Word for word, give the records again, dropping any picture they hold.
● ● ●
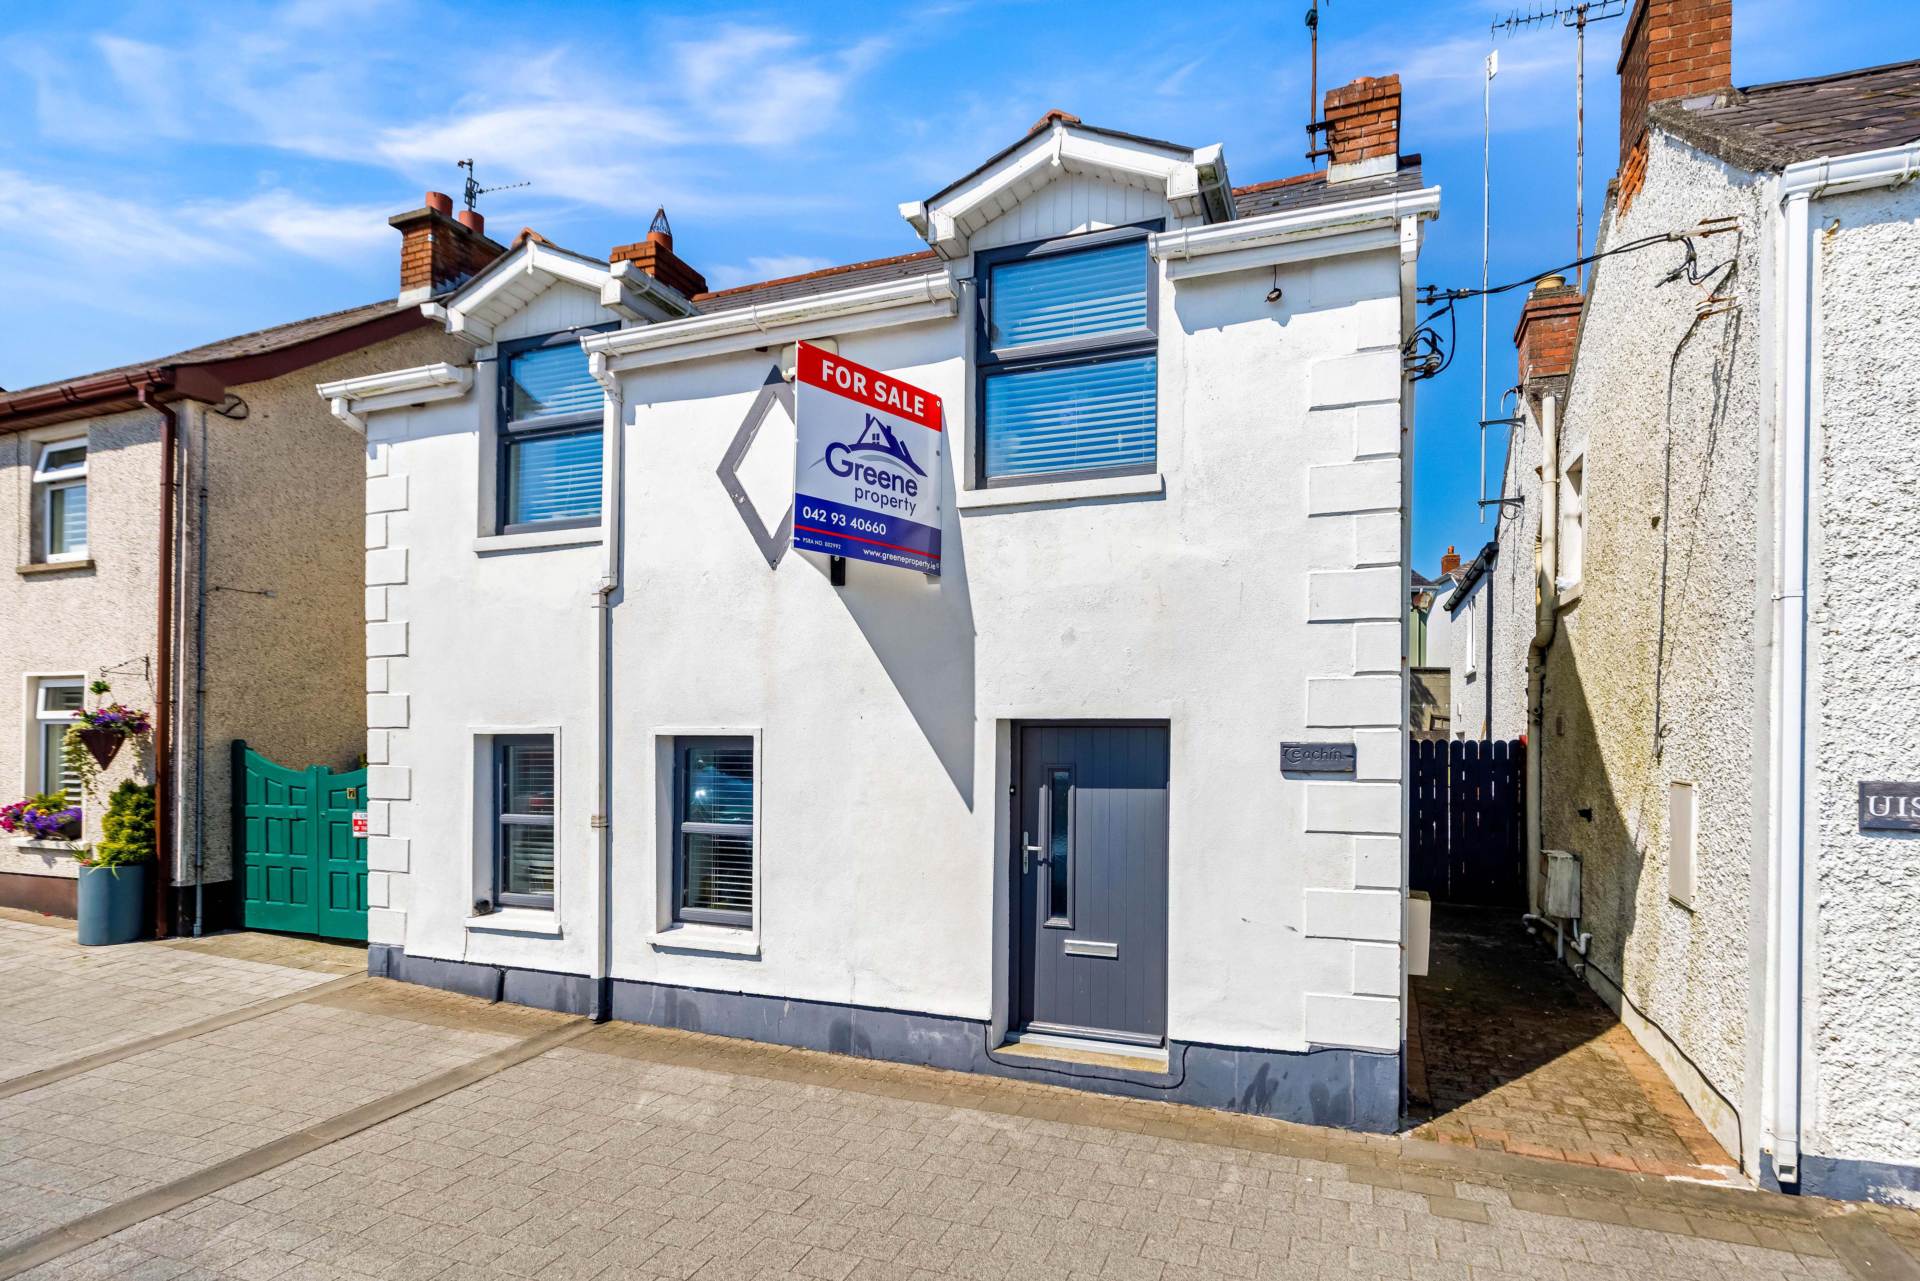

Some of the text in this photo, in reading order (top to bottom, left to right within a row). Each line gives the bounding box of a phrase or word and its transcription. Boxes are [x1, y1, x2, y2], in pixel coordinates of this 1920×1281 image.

[822, 359, 925, 417] FOR SALE
[825, 442, 918, 497] Greene
[855, 487, 917, 517] property
[802, 506, 887, 535] 042 93 40660
[863, 548, 936, 570] www.greeneproperty.ie
● ● ●
» EXERCISE OUTPUT:
Some of the text in this photo, in reading order (top to bottom, left to right within a row). Each line gives the bounding box of a phrase or word and its transcription. Boxes are [x1, y1, x2, y2], in pixel coordinates of this 1920×1281 image.

[822, 359, 925, 417] FOR SALE
[825, 442, 918, 497] Greene
[855, 487, 917, 517] property
[802, 506, 887, 535] 042 93 40660
[863, 548, 936, 570] www.greeneproperty.ie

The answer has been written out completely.